The data below should be restated word for word, with every picture omitted.

Images for object localization
====================
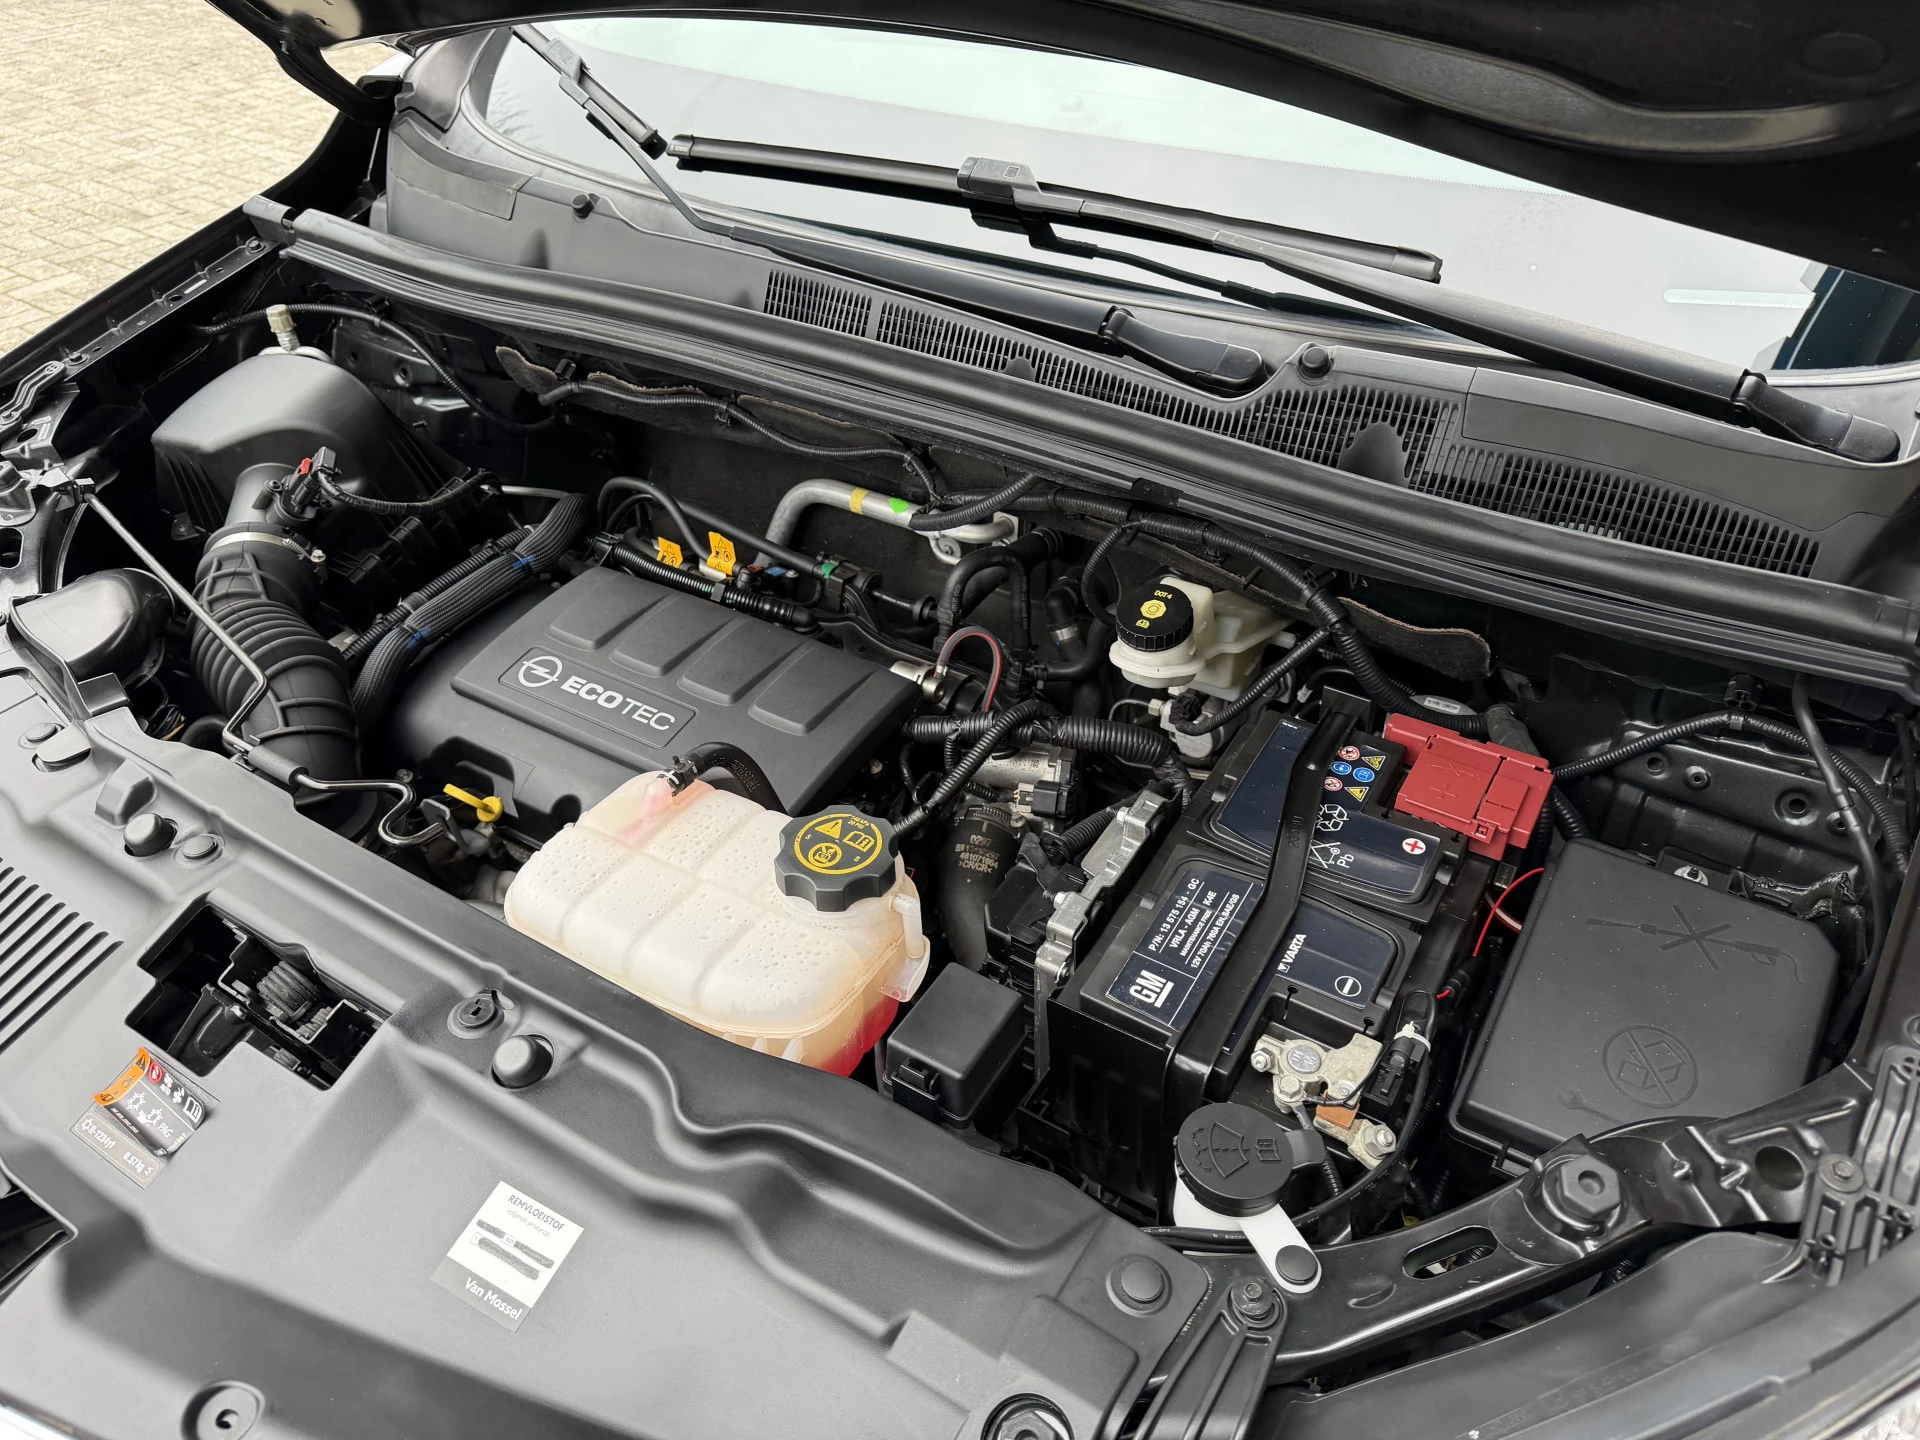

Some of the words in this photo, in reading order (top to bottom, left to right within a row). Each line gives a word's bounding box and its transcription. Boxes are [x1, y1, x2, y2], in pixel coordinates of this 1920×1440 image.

[560, 675, 676, 731] ECOTEC
[1337, 854, 1355, 869] Pb
[1148, 930, 1166, 951] P/N:
[1160, 923, 1170, 933] 13
[1168, 909, 1180, 923] 575
[1177, 895, 1189, 909] 154
[1188, 878, 1200, 890] GC
[1203, 890, 1218, 907] K4E
[1169, 928, 1188, 948] VRLA
[1185, 907, 1201, 926] AGM
[1180, 920, 1203, 957] MAINTENANCE
[1201, 910, 1213, 923] FREE
[1190, 955, 1203, 969] 12V
[1281, 933, 1307, 964] VARTA
[1129, 969, 1167, 1005] GM
[157, 1123, 174, 1138] PAG
[508, 1194, 565, 1231] REMVLOEISTOF
[465, 1277, 485, 1297] Van
[483, 1290, 523, 1320] Mossel
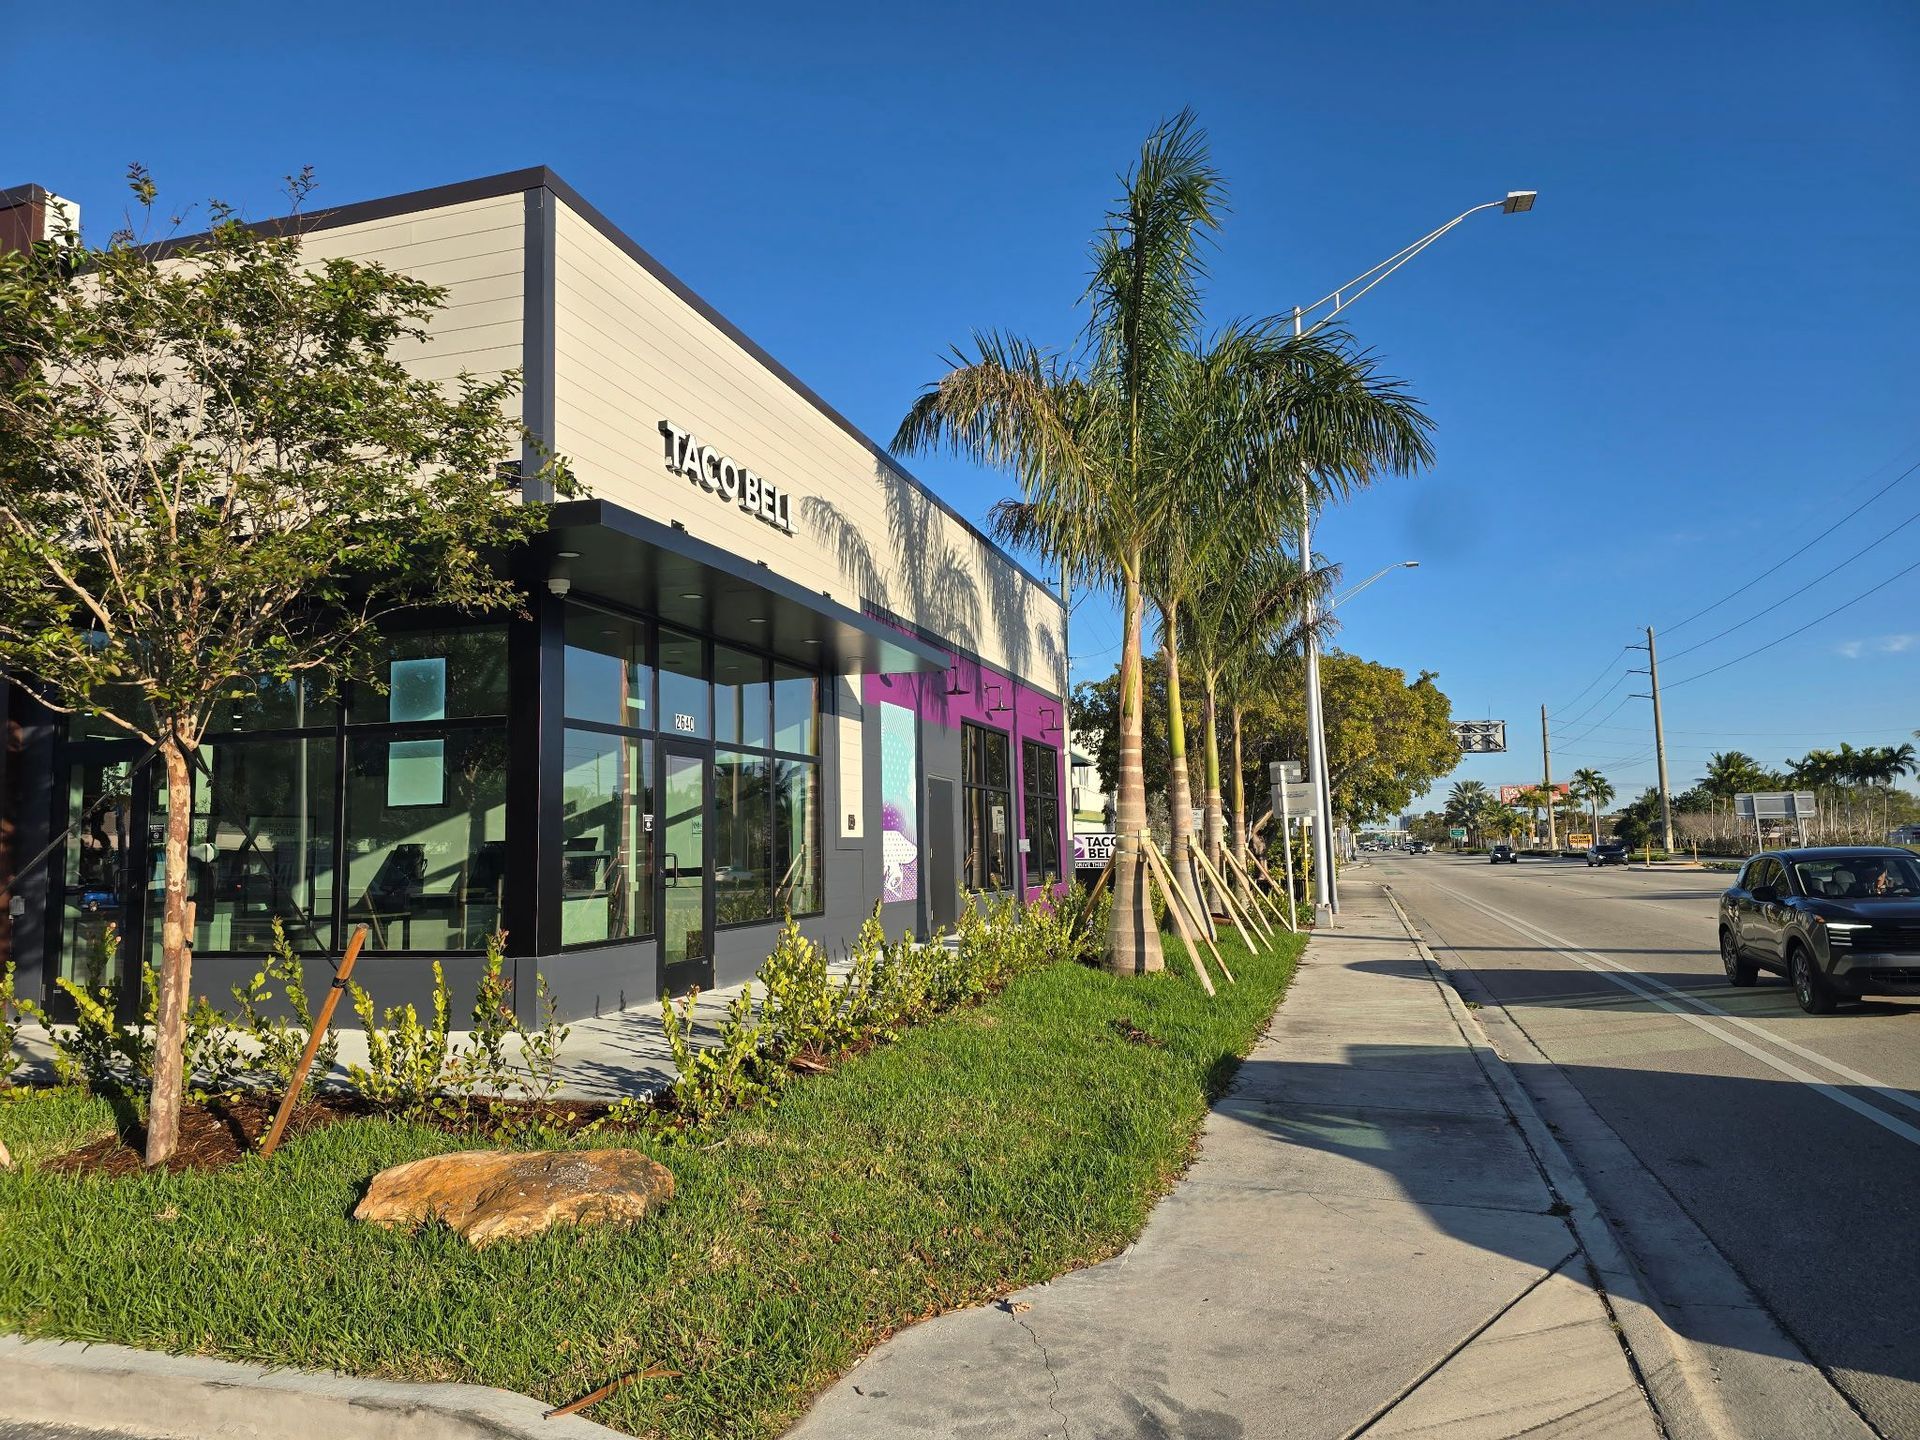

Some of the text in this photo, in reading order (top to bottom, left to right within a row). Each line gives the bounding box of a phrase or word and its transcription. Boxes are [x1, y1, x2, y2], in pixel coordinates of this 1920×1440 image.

[659, 420, 799, 535] TACO BELL
[1088, 848, 1111, 858] BEL
====================
## ANSWER BOX
Some of the words in this photo, in reading order (top to bottom, left to right within a row). Each line gives a word's bounding box and its transcription. Boxes are [x1, y1, x2, y2], in pixel coordinates of this 1920×1440 image.

[560, 675, 676, 731] ECOTEC
[1337, 854, 1355, 869] Pb
[1148, 930, 1166, 951] P/N:
[1160, 923, 1170, 933] 13
[1168, 909, 1180, 923] 575
[1177, 895, 1189, 909] 154
[1188, 878, 1200, 890] GC
[1203, 890, 1218, 907] K4E
[1169, 928, 1188, 948] VRLA
[1185, 907, 1201, 926] AGM
[1180, 920, 1203, 957] MAINTENANCE
[1201, 910, 1213, 923] FREE
[1190, 955, 1203, 969] 12V
[1281, 933, 1307, 964] VARTA
[1129, 969, 1167, 1005] GM
[157, 1123, 174, 1138] PAG
[508, 1194, 565, 1231] REMVLOEISTOF
[465, 1277, 485, 1297] Van
[483, 1290, 523, 1320] Mossel

Some of the text in this photo, in reading order (top to bottom, left to right within a row). Each line gives the bounding box of a phrase or word and its transcription. Boxes are [x1, y1, x2, y2], in pixel coordinates of this 1920×1440 image.

[659, 420, 799, 535] TACO BELL
[1088, 848, 1111, 858] BEL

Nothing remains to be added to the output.